A rich vein of newsprint identified defects in the mobilization, not least open squabbles between high officials — sound familiar? This became an embarrassment such that in August 1942, FDR promulgated an executive order banning public controversies between administration leaders, to modest avail.
Amid the plentiful grinding and squeaking of the accelerating production effort, countless figures high and low played vital roles, some prominently, such as Andrew Higgins (designer and producer of the eponymous “Higgins boat,” the war’s signature landing craft in countless invasions), and many more in almost complete anonymity — railway workers, engineers, secretaries, farmers, factory foremen and millions of others who turned paper projections into realities with brains, skill and sweat.

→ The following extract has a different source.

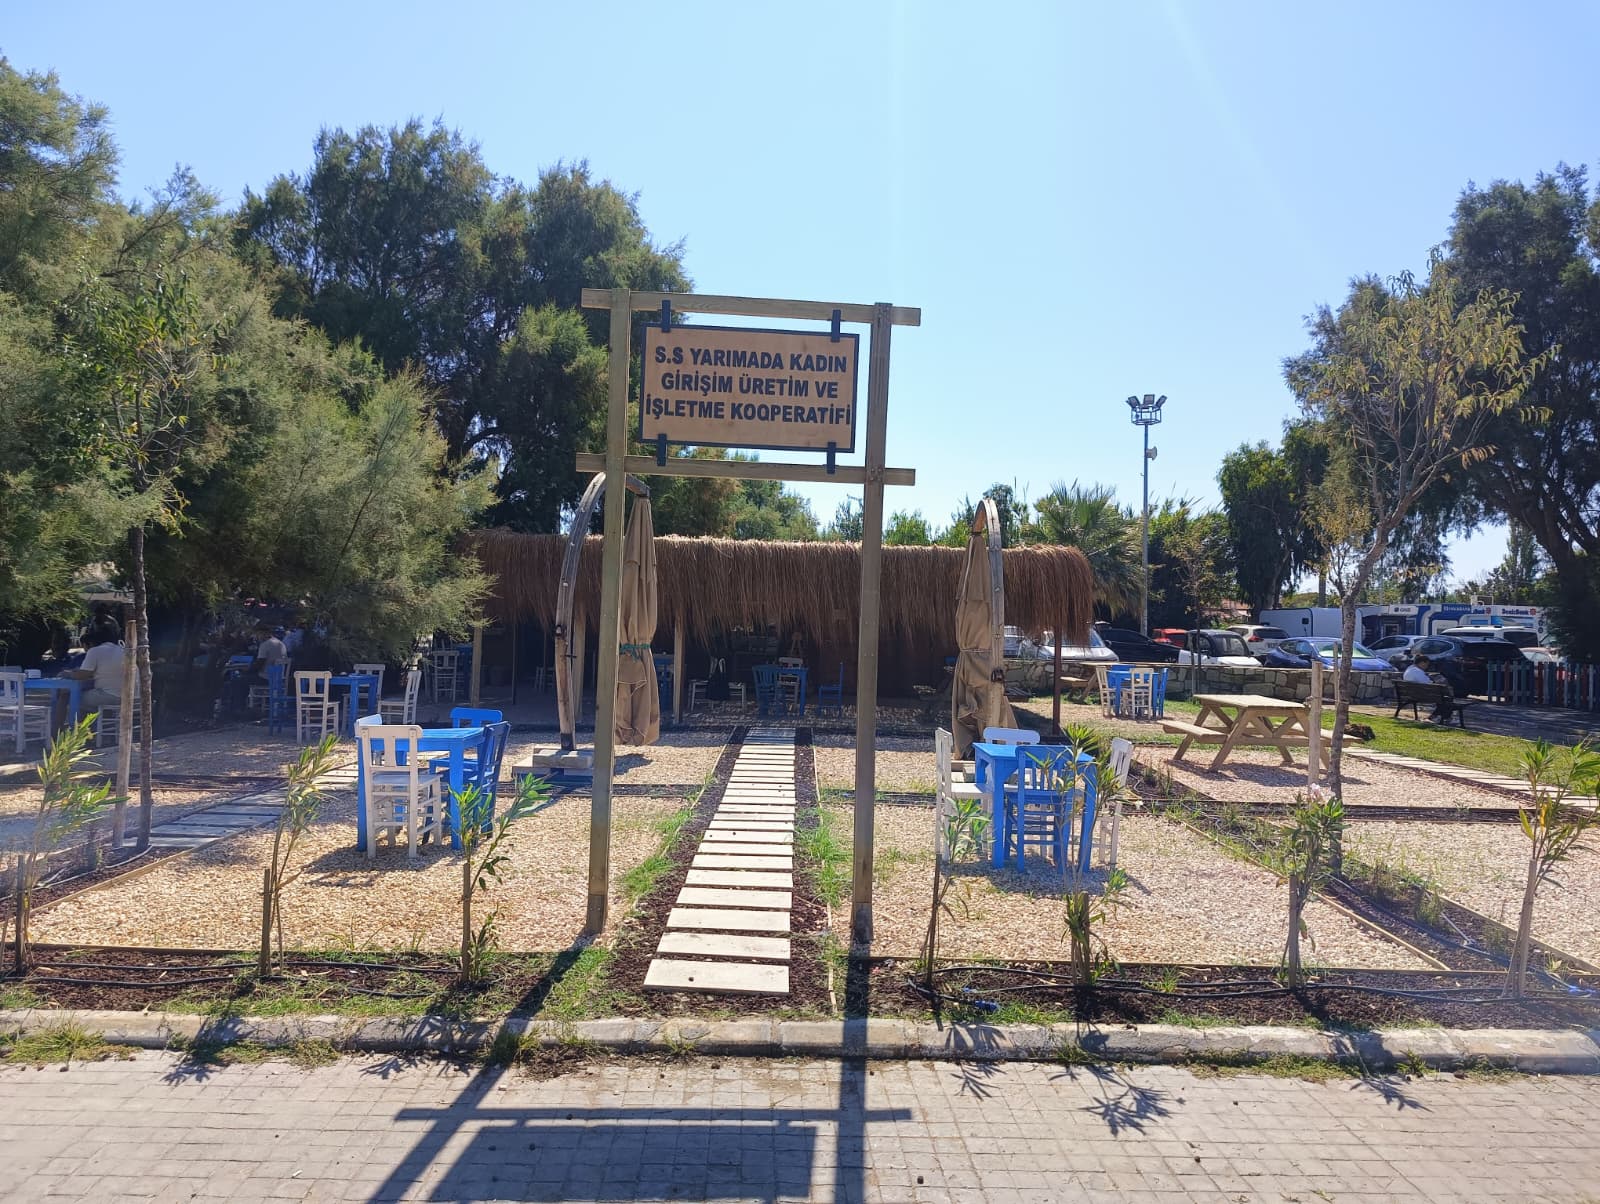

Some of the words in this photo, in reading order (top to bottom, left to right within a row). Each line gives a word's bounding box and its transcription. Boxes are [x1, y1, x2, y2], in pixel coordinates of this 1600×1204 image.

Women stepped into “men’s work,” including thousands in the role of the much-popularized “Rosie the Riveter.” Other women tendered top-tier intellectual contributions as code breakers — a stunning story hidden by secrecy for decades.
Day by day, newspaper readers and radio listeners consumed far more upbeat and inspiring stories of ordinary people dutifully abiding the exactions the war effort demanded, and commonly going even further to show support — something most Americans did and will do as a matter of course today, amid the pandemic.
But Americans of that era were not all saints. There were numerous and ingenious attempts to circumvent the rationing system. This started at the top, where it was revealed that 40 percent of the members of the House of Representatives had secured unlimited access to otherwise rationed gasoline.
While it is proper to remember that these shortfalls existed — and variations on them will be repeated today — the overall performance of our predecessors warrants our deep respect and emulation.
In numberless, unanticipated ways, millions of individual Americans on their own initiative will spontaneously rally to put right what threatens to go wrong.
Richard B. Frank is the author of Tower of Skulls: A History of the Asia-Pacific War, Volume I: July 1937May 1942 and presidential counselor at the National WWII Museum in New Orleans. This commentary was first published in the Washington Post.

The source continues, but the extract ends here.